* _What is required_
Could you give the entries back exactly as they stand, minus any pictures?

[Data to process Boundary: Start]

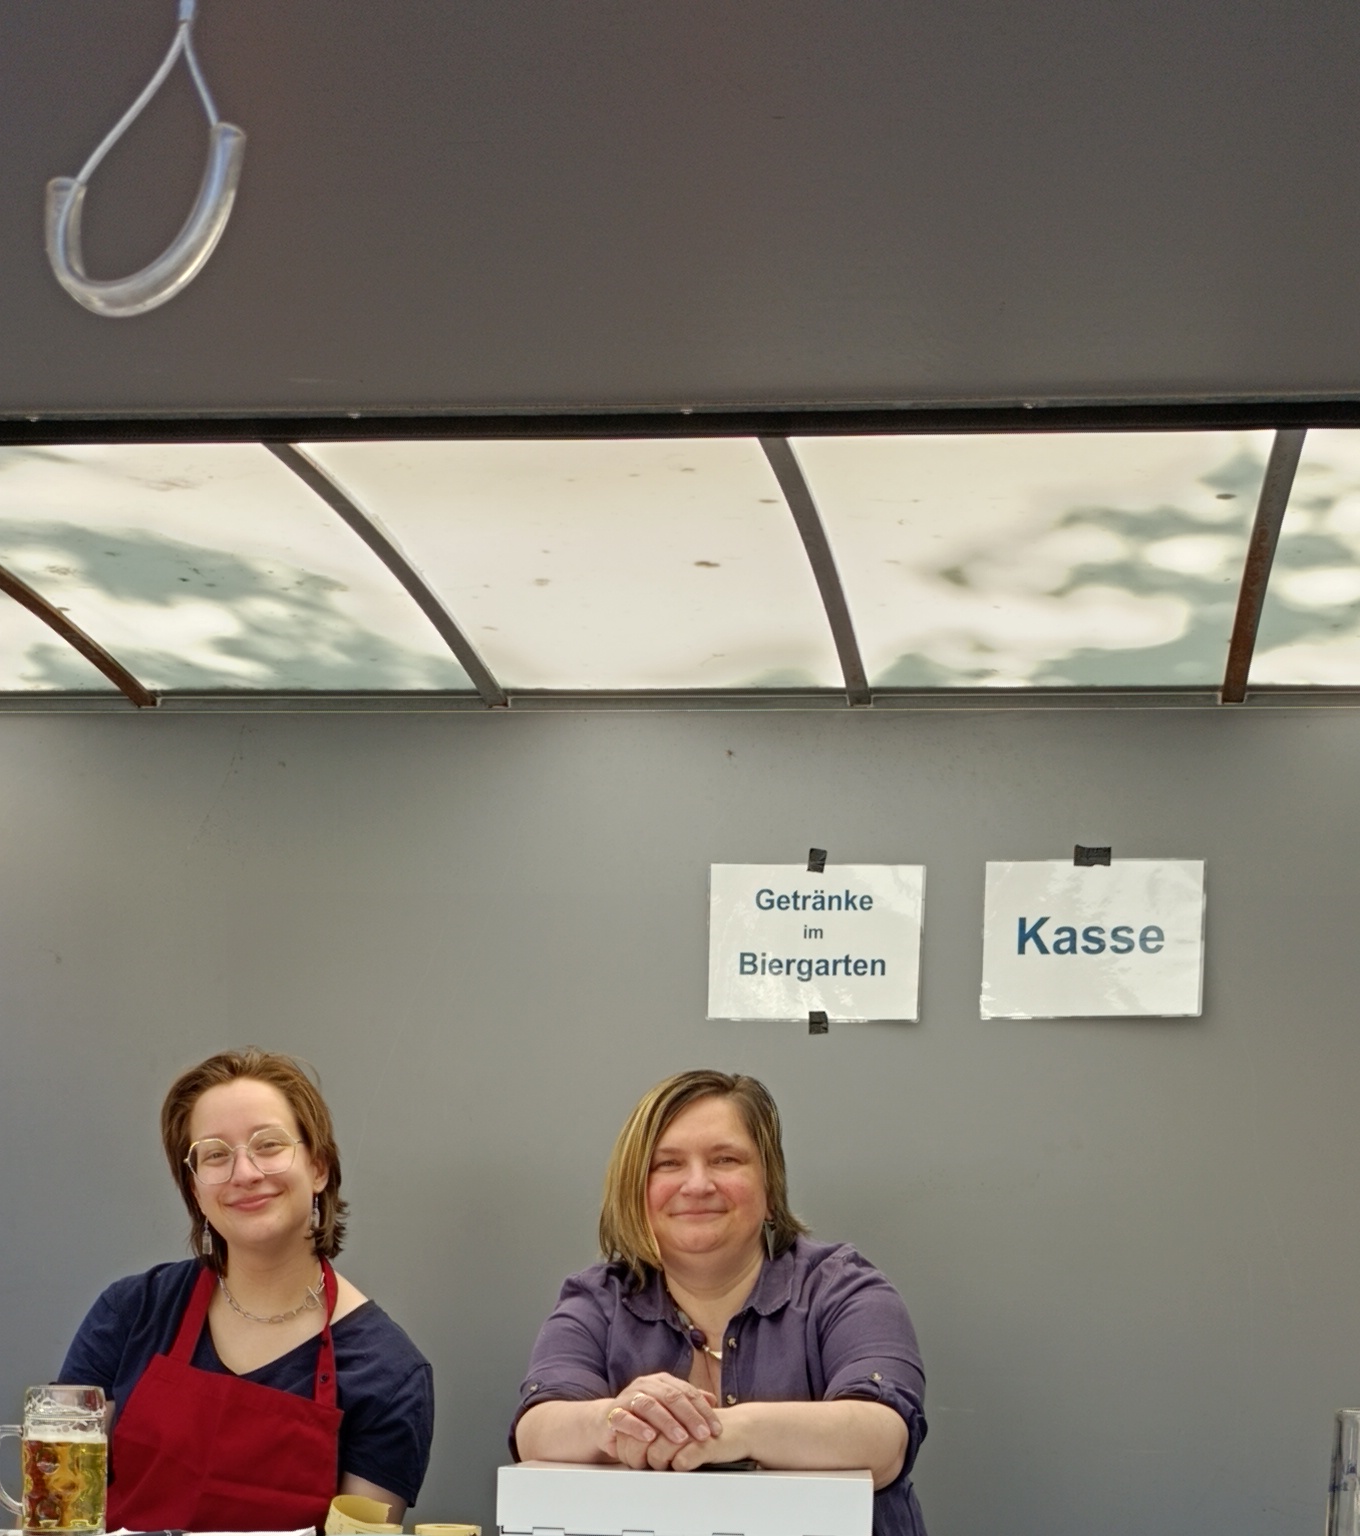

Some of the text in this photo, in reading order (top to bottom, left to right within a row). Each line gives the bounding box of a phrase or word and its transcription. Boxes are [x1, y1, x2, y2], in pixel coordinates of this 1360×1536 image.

[756, 889, 873, 911] Getränke
[804, 924, 823, 939] im
[1017, 917, 1165, 955] Kasse
[740, 952, 886, 982] Biergarten

[Data to process Boundary: End]

* _Written solution_
Some of the text in this photo, in reading order (top to bottom, left to right within a row). Each line gives the bounding box of a phrase or word and its transcription. Boxes are [x1, y1, x2, y2], in pixel coordinates of this 1360×1536 image.

[756, 889, 873, 911] Getränke
[804, 924, 823, 939] im
[1017, 917, 1165, 955] Kasse
[740, 952, 886, 982] Biergarten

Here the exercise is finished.